Cablegram 1012 WASHINGTON, 30 July 1947, 5 p.m.

MOST IMMEDIATE TOP SECRET

On receiving your telegram number 908 [1] I went accompanied by Minister to see Norman Armour, Assistant Secretary of State, immediately after his return from seeing President.

2. I gave him a full account of our proposed procedure as set out in paragraphs 3, 4 and 5 of your telegram. Armour listened carefully. He told me his latest advices were that hostilities might end soon. He read me a telegram presumably from United States representative in N.E.I. saying that Van Mook had given opinion hostilities would end ‘within a couple of days’. General Spoor thought they would end by Monday next. ‘That, however’, Armour continued, ‘is only an impression’.

3. As regards Security Council he said, ‘Their tempers are high over the Greek situation and I don’t know how they will react to this new question being brought before them’. He referred to the likelihood of the U.S.S.R. exploiting the situation at the Council to suit their own purpose.

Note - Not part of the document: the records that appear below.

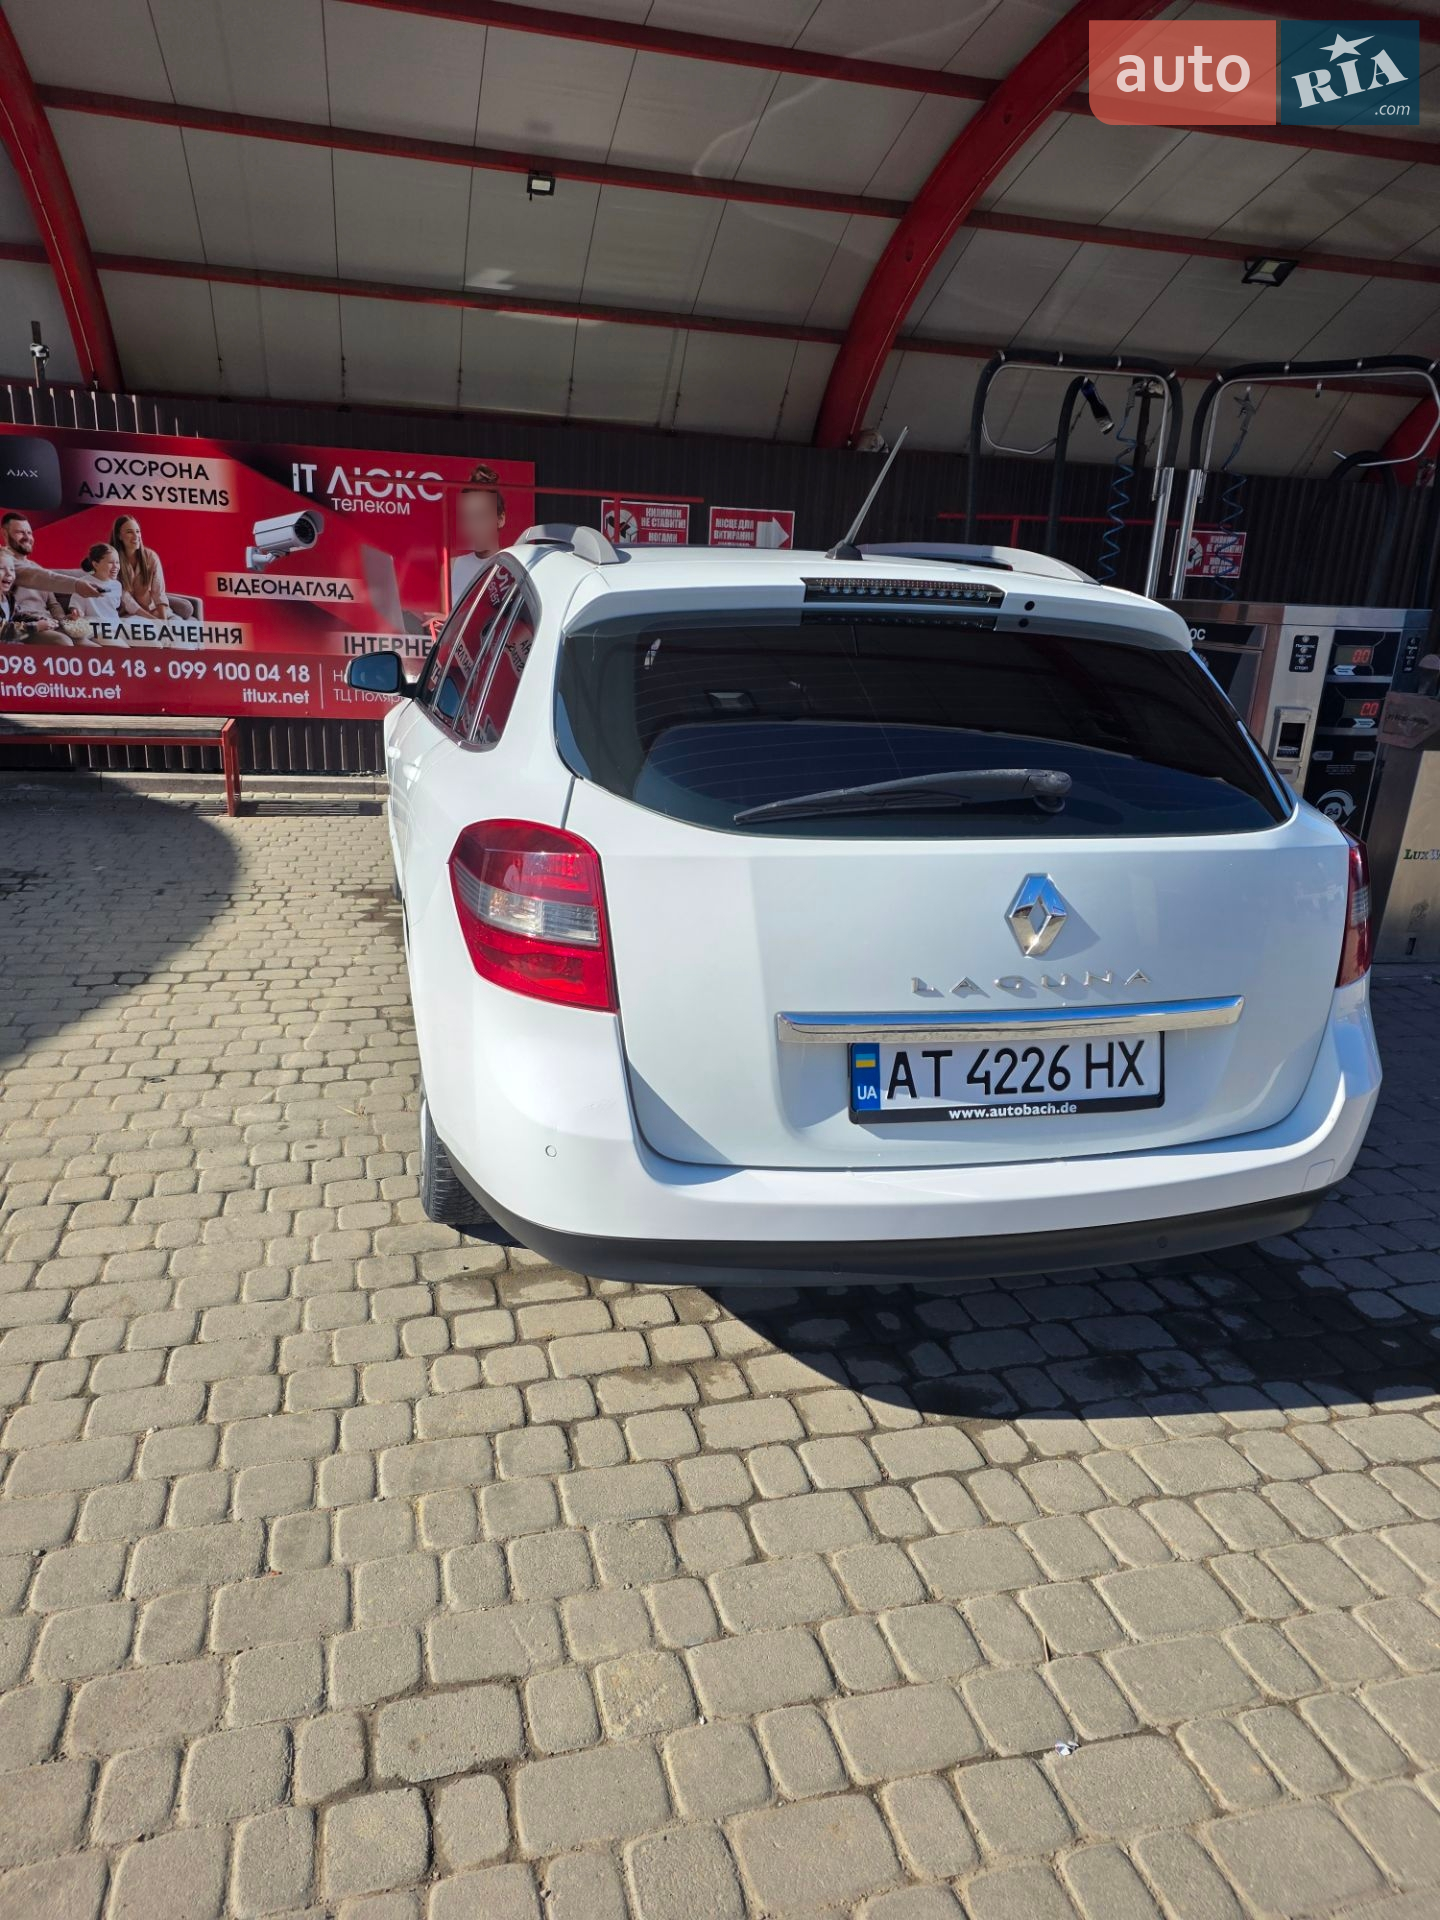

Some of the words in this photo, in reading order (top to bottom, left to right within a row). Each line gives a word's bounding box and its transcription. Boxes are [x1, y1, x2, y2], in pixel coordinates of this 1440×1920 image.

[6, 469, 39, 478] AJAX
[94, 457, 210, 481] ОХОРОНА
[78, 481, 137, 501] AJAX
[142, 485, 230, 507] SYSTEMS
[326, 466, 445, 501] ЛЮКС
[331, 497, 411, 515] телеком
[216, 577, 355, 600] ВІДЕОНАГЛЯД
[90, 622, 243, 644] ТЕЛЕБАЧЕННЯ
[343, 635, 432, 657] ІНТЕРНЕ
[0, 655, 37, 675] 098
[43, 657, 83, 676] 100
[88, 658, 116, 677] 04
[121, 659, 147, 678] 18
[167, 661, 207, 679] 099
[213, 663, 251, 681] 100
[255, 664, 281, 681] 04
[286, 665, 311, 682] 18
[0, 681, 122, 699] info@itlux.net
[242, 688, 310, 704] itlux.net
[333, 688, 352, 703] ТЦ
[1326, 807, 1339, 816] 24
[910, 968, 1152, 995] LAGUNA
[886, 1050, 953, 1100] AT
[966, 1044, 1071, 1096] 4226
[1085, 1039, 1145, 1089] HX
[857, 1085, 878, 1101] UA
[948, 1102, 1077, 1120] www.autobach.de

4. Morgan, Associate Chief of Division of Northern European Affairs, who was present, said that in informal discussions which the Dutch had hitherto had with the State Department the Dutch had taken the line that Article 17 of the Linggadjati Agreement only applied to arbitration in the future and not to a situation arising prior to finalisation of the Agreement.

5. I pointed out that in any case the Dutch clearly had no objection to the principle of arbitration and it behoved us all to try and get them to accept it at once and stop not only immediate bloodshed but further dangerous repercussions.

6. Armour instanced the stir in the Moslem world as a whole and in particular India.

7. Armour said they had themselves at first been inclined to use Article 33 and in this connexion I cited Prime Minister’s statement [2], again stressing desirability and advantages of invoking Article 39. He and Morgan seemed to be impressed with the point but gave no further indication of what United States attitude was likely to be. 8. Armour told me that Herschel Johnson was coming down from Security Council for discussions this afternoon.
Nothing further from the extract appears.